Me sobresaltó la llegada de un camarero que, con la mirada aún absorta en la
pareja que se alejaba, traía la cuenta de mi mesa. Seis cincuenta por una bebida con
aspecto de enjuague bucal que además yo no había probado. Entregué un billete de diez
euros y esperé el cambio.
En esos minutos me puse novelesco y recordé los capítulos finales de las novelas
de Agatha Christie en las que Hercule Poirot reunía a todos los sospechosos y empezaba
a desgranar hechos, vínculos y motivaciones de cada uno ellos de forma que los
desnudaba en sus miserias hasta que por fin daba con el verdadero culpable del crimen.
En el caso de Sun, la principal culpable pagaba ya por su crimen pero quedaban
aspectos de la vida de los otros que no se tuvieron en cuenta a la hora de enjuiciar los
hechos. La aparición inesperada de Li Xiaoxan me lo demostraba. Seguro que era esto
lo que suele ocurrir en la vida cruda, fuera de las novelas, que era imposible descubrirlo
todo.
Cuando el camarero regresó y situó el platillo con la vuelta sobre la mesa, una de
las monedas de euro llamó mi atención.
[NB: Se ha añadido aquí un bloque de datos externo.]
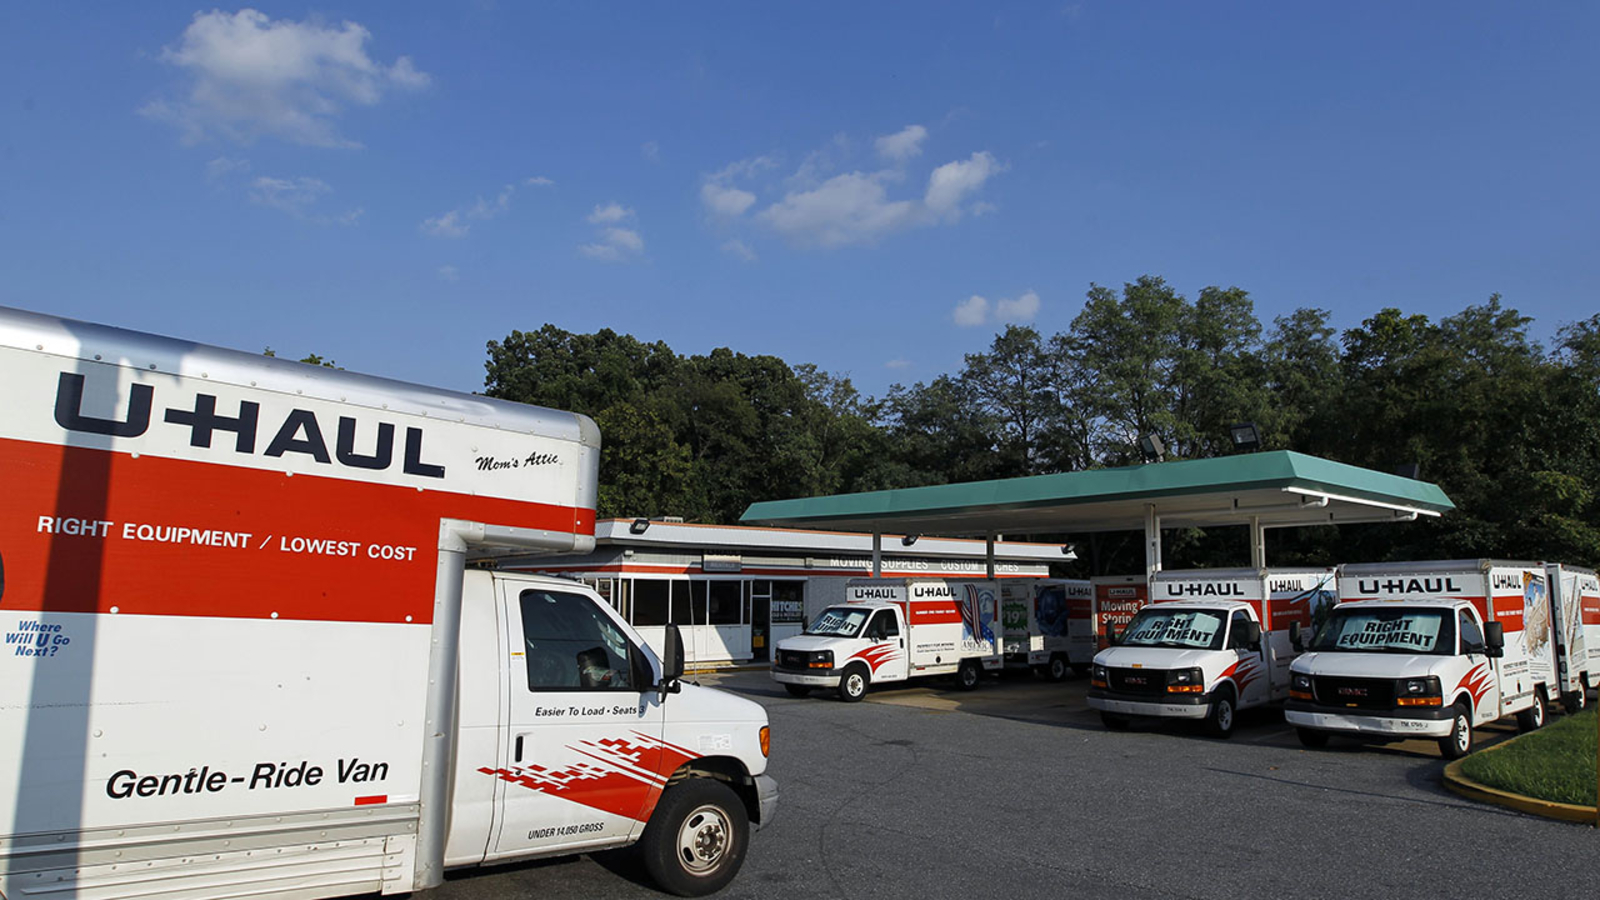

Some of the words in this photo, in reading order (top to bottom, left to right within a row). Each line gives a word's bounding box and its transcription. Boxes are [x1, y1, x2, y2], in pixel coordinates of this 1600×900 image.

Un golpe, una marca en la efigie del monarca,
la mandíbula prominente, la nariz hundida. ¿Una broma? Miré alrededor pero nadie
miraba, nadie parecía estar disimulando. ¿Era posible que otra vez el azar se acordara de
mí? La casualidad había estado especialmente presente en mi vida desde el día que fui
al hospital a ver a Sun por primera vez y había jugado un papel importante en la
sucesión de los hechos que me afectaron de manera directa. Decidí llevarme la moneda
marcada y dejar el resto como generosa propina para celebrar la feliz coincidencia. No
iba a ponerme a investigar ahora el origen de las marcas en unas monedas que no veían
mermado su valor. Me guardé el euro en el bolsillo y seguí andando por la calle hacia
mi casa, donde empecé a escribir esta historia.
A fin de cuentas soy escritor, no detective.